YOUR INSTRUCTIONS.
Your copy should match the records below exactly, except for the pictures.

GIVEN DATA.

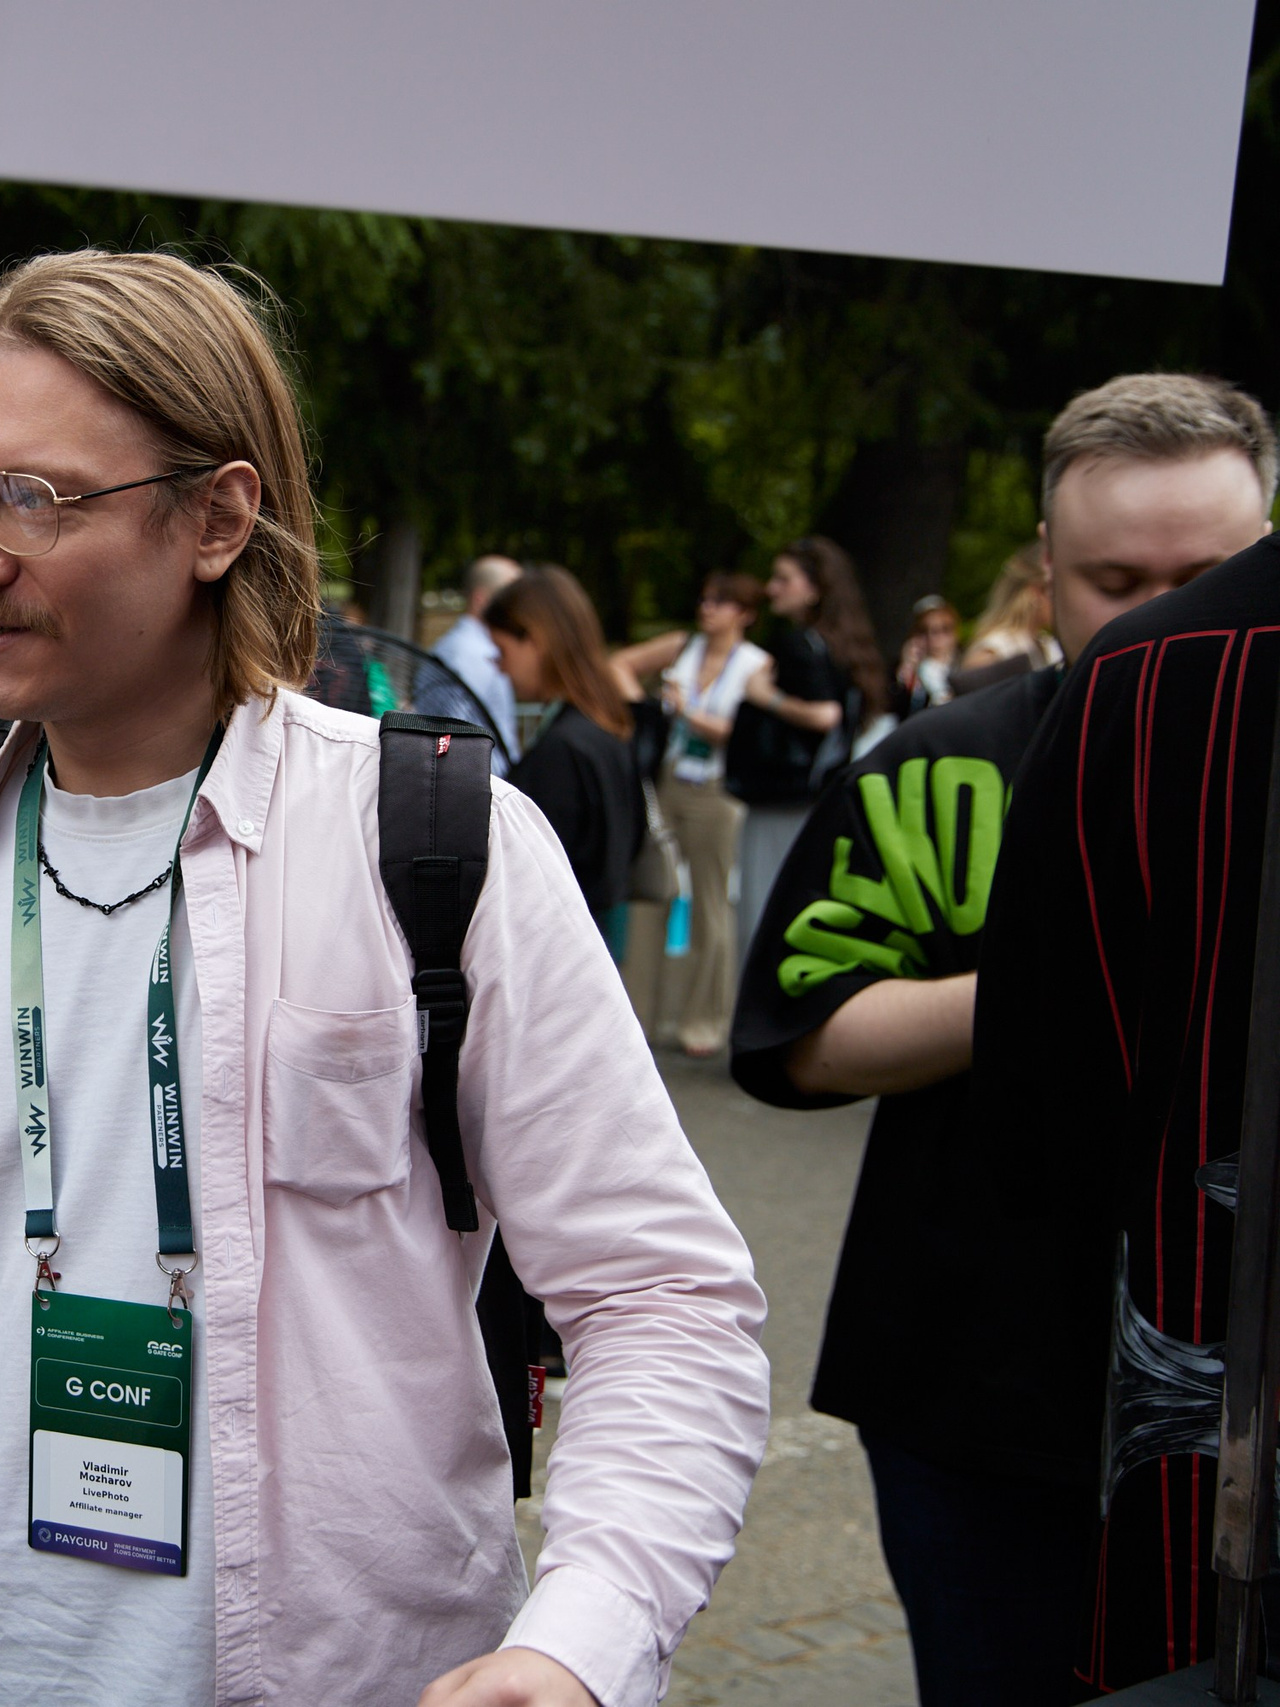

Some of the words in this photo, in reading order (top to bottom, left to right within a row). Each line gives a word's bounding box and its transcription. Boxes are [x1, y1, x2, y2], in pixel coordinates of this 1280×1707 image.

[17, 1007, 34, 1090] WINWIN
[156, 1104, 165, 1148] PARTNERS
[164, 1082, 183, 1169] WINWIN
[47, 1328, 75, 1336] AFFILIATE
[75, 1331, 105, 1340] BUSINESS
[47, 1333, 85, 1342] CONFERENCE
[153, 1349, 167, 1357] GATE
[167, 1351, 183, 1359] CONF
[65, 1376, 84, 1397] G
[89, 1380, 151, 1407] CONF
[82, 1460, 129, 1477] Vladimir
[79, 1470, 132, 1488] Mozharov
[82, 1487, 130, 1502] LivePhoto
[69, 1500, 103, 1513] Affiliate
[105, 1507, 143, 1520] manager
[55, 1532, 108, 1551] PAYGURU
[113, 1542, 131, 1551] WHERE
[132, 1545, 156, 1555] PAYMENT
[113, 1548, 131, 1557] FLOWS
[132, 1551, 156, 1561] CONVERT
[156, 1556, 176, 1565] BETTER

ANSWER TO THIS PROBLEM.
Some of the words in this photo, in reading order (top to bottom, left to right within a row). Each line gives a word's bounding box and its transcription. Boxes are [x1, y1, x2, y2], in pixel coordinates of this 1280×1707 image.

[17, 1007, 34, 1090] WINWIN
[156, 1104, 165, 1148] PARTNERS
[164, 1082, 183, 1169] WINWIN
[47, 1328, 75, 1336] AFFILIATE
[75, 1331, 105, 1340] BUSINESS
[47, 1333, 85, 1342] CONFERENCE
[153, 1349, 167, 1357] GATE
[167, 1351, 183, 1359] CONF
[65, 1376, 84, 1397] G
[89, 1380, 151, 1407] CONF
[82, 1460, 129, 1477] Vladimir
[79, 1470, 132, 1488] Mozharov
[82, 1487, 130, 1502] LivePhoto
[69, 1500, 103, 1513] Affiliate
[105, 1507, 143, 1520] manager
[55, 1532, 108, 1551] PAYGURU
[113, 1542, 131, 1551] WHERE
[132, 1545, 156, 1555] PAYMENT
[113, 1548, 131, 1557] FLOWS
[132, 1551, 156, 1561] CONVERT
[156, 1556, 176, 1565] BETTER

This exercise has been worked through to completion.